4. Tendo 41 dos seus trabalhadores denunciado o respetivo contrato de trabalho que os ligava á recorrente e ido trabalhar para uma empresa concorrente, não pode aquela pretender limitar a atividade concorrencial diferencial dos seus ex-trabalhadores na ausência de qualquer pacto de não concorrência. Se a liberdade de trabalho e de emprego tem proteção constitucional e apenas pode ser limitada desde que se verifiquem os requisitos exarados no artigo 136º do Código do Trabalho, seria totalmente desproporcional, desadequado e sem qualquer sustentáculo legal, proceder a uma limitação do exercício da atividade dos réus, mesmo que apenas circunscrito a uma empresa determinada, fora do âmbito daquele normativo legal.
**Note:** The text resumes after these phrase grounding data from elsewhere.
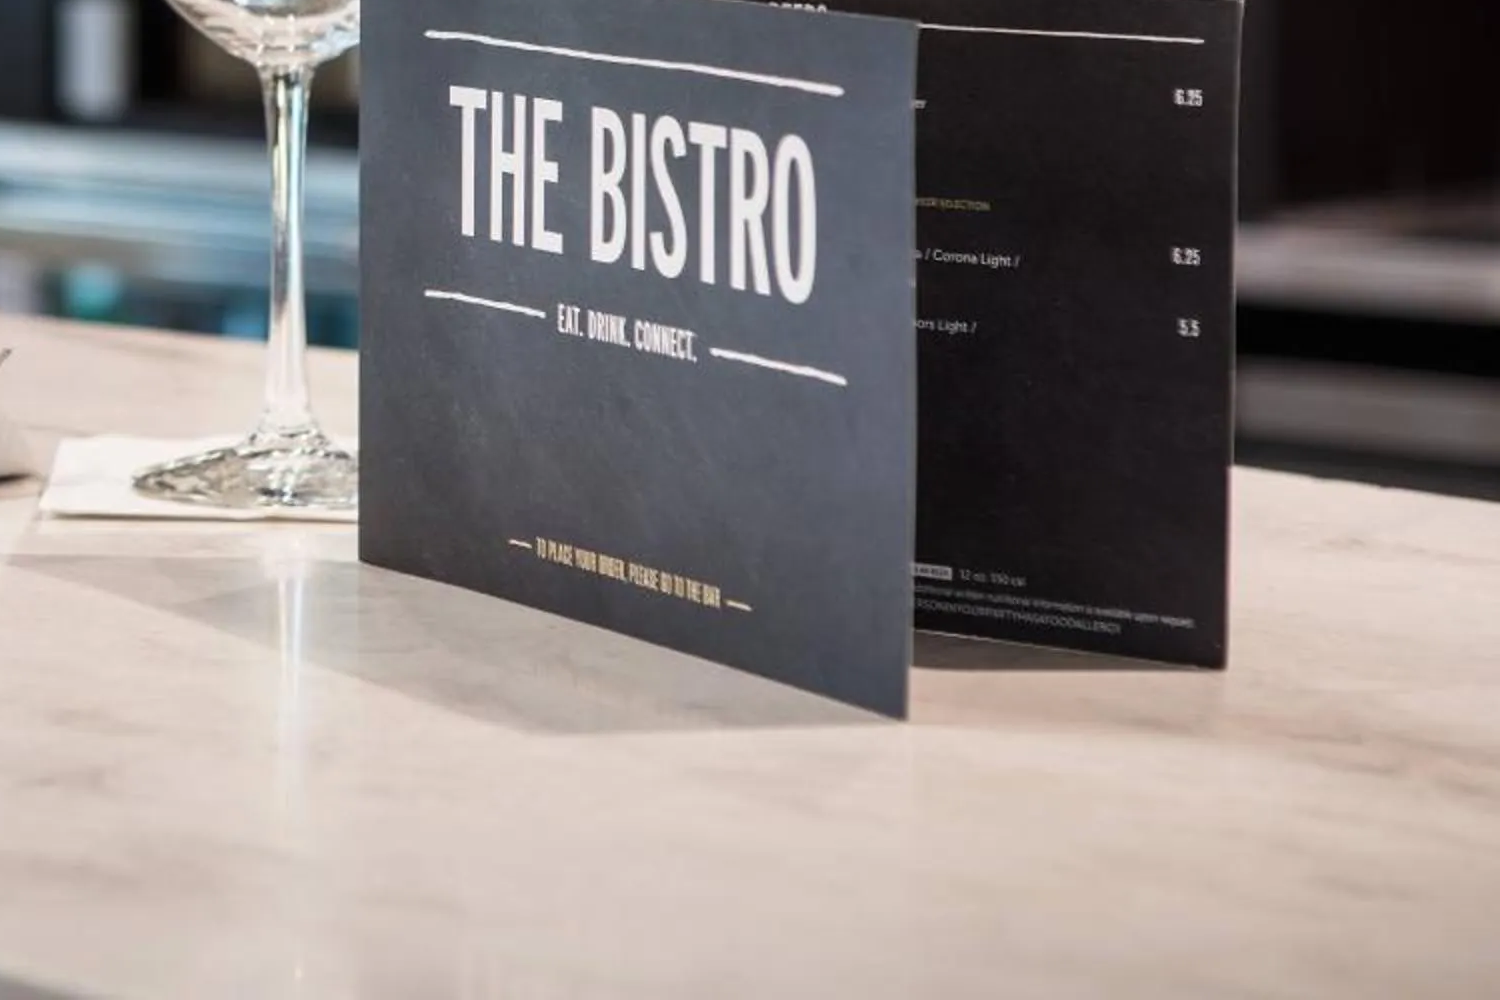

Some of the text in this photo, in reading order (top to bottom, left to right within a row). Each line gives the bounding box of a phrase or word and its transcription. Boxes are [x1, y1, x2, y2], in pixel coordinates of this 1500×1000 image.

[1174, 88, 1203, 107] 6.25
[449, 85, 817, 304] THE BISTRO
[933, 249, 978, 264] Corona
[980, 252, 1011, 269] Light
[1172, 247, 1200, 265] 6.25
[557, 303, 698, 363] EAT. DRINK. CONNECT.
[938, 320, 968, 335] Light
[1177, 318, 1200, 338] 5.5
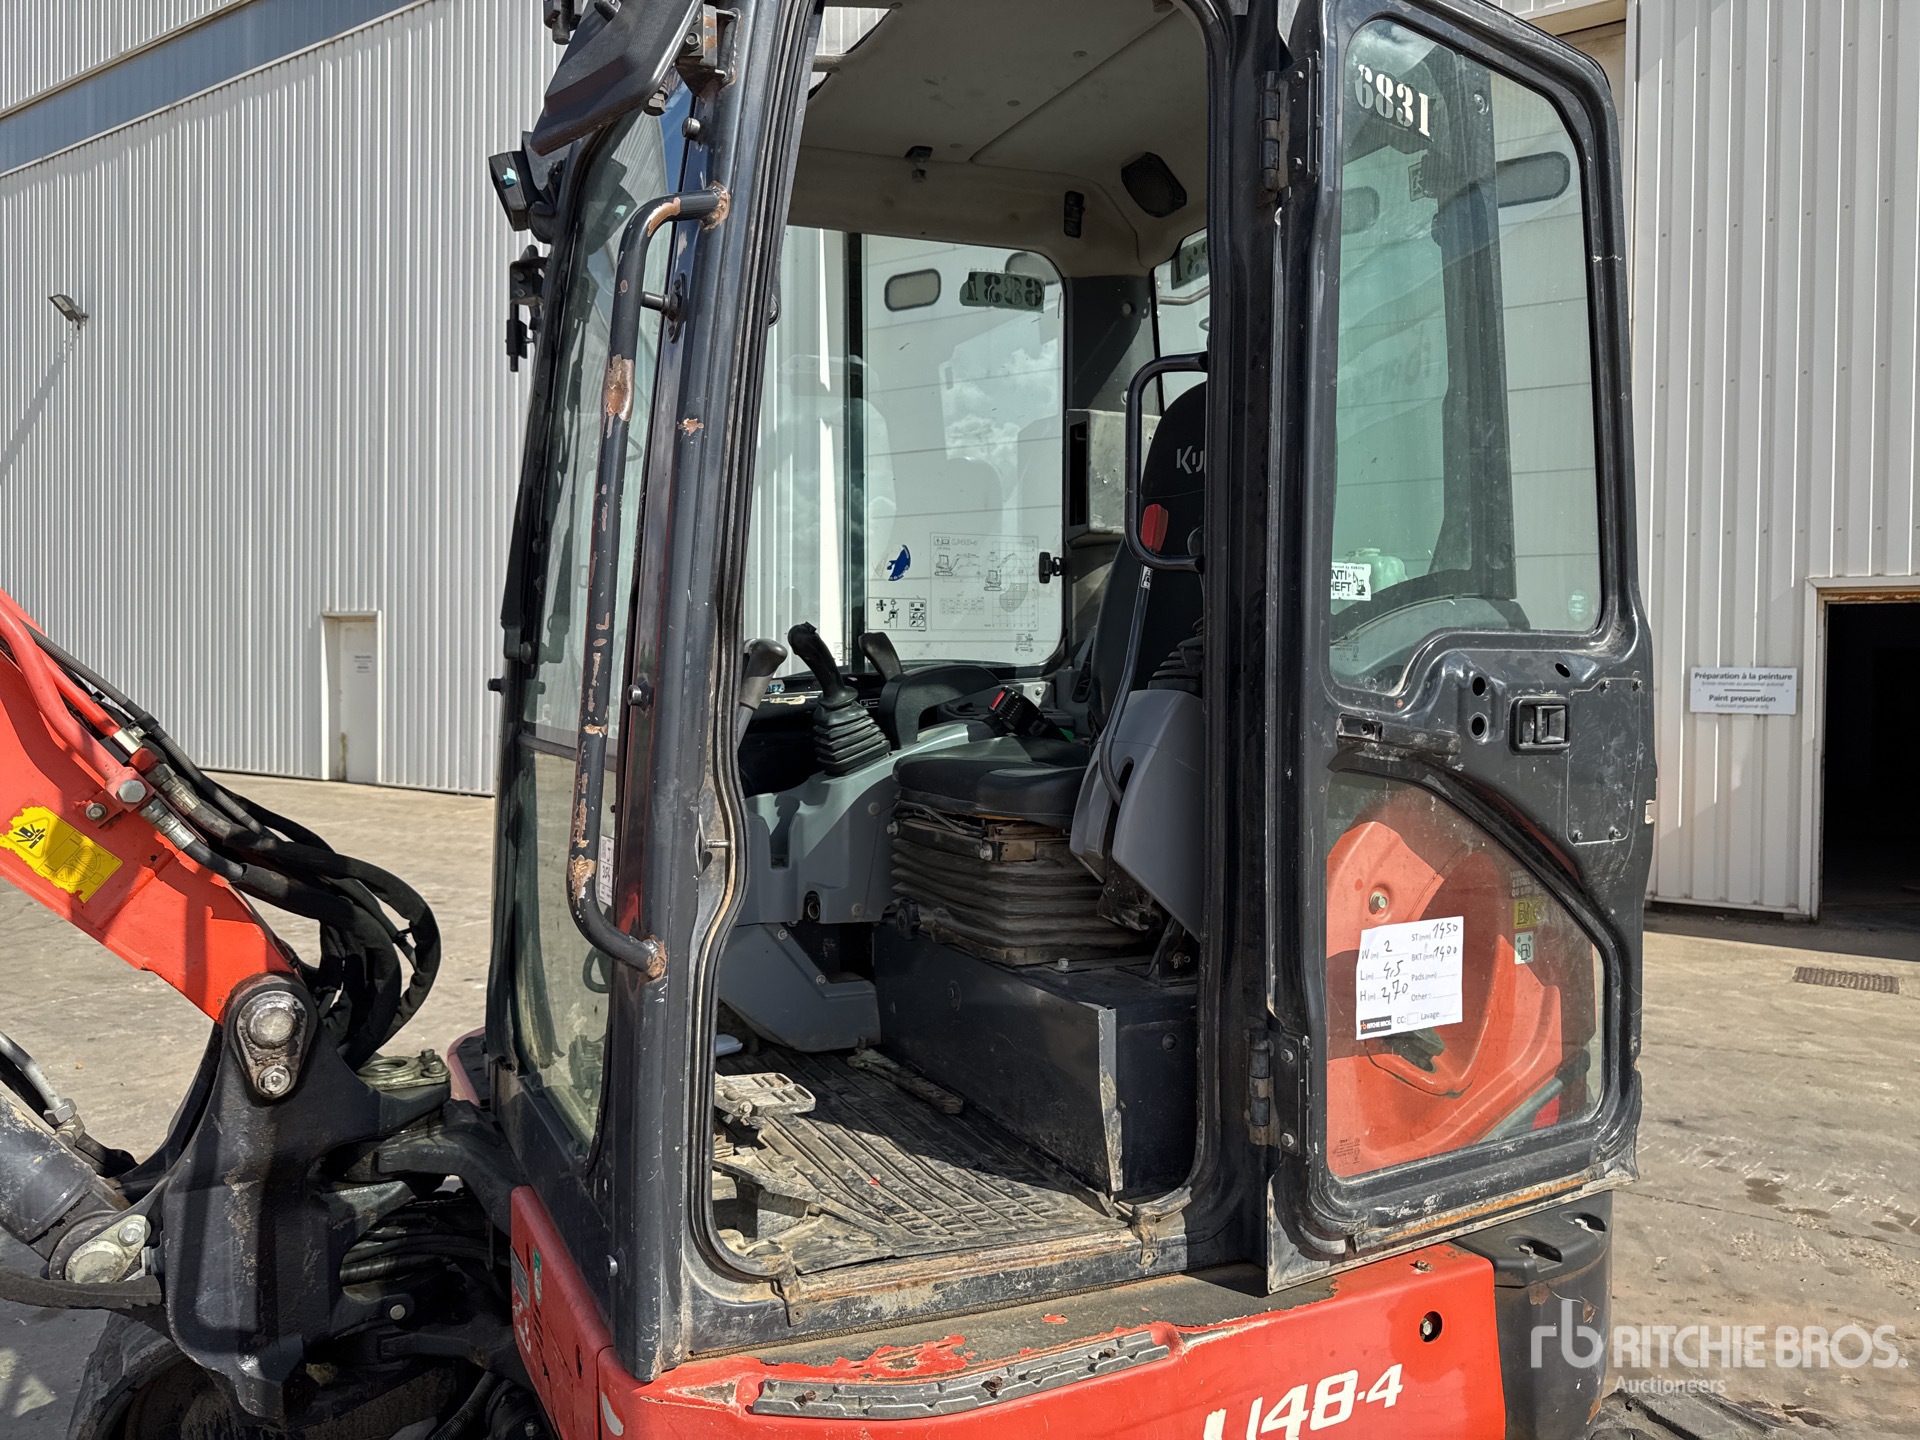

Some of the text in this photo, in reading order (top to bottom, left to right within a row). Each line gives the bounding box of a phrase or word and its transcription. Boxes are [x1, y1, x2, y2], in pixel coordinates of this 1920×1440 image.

[1355, 64, 1430, 137] 6831
[1332, 569, 1347, 580] NTI
[1694, 671, 1740, 681] Préparation
[1748, 672, 1757, 680] la
[1758, 673, 1793, 681] peinture
[1709, 694, 1776, 703] Paint preparation
[1432, 922, 1459, 940] 1450
[1383, 939, 1393, 953] 2
[1433, 945, 1458, 962] 1400
[1420, 1010, 1440, 1021] Lavage
5. O exercício da atividade desenvolvida pelos ex-trabalhadores da recorrente também não constitui abuso de direito (artigo 334º do Código Civil). Isto porque, o direito à concorrência leal é um direito derivado da liberdade de emprego e de trabalho e que apenas pode ser limitado mediante a existência de um pacto de não concorrência dentro de estritos requisitos, e a concorrência desleal não constitui qualquer direito, nem sequer tem proteção legal. Portanto, a verificar-se, a primeira é perfeitamente lícita, a segunda, a verificar-se, não pode ser abusiva porque, sendo ilegal, não tem proteção, ou seja, a concorrência desleal não é um direito. E não sendo um direito não pode existir na sua prática um abuso de direito. Por outro lado, não pode haver abuso de direito na atitude do trabalhador que rescinde um contrato de trabalho para celebrar um outro com uma empresa concorrente da sua ex-empregadora, procurando ter melhores condições, sejam elas salariais ou outras e que desenvolve essa sua atividade aproveitando-se dos conhecimentos adquiridos anteriormente durante a execução do contrato de trabalho. Se, ao invés de se aproveitar desses conhecimentos, pratica atos de concorrência desleal ou viola segredos que não poderia divulgar, então não estamos perante o exercício de um direito, mas de uma ilegalidade punida criminalmente.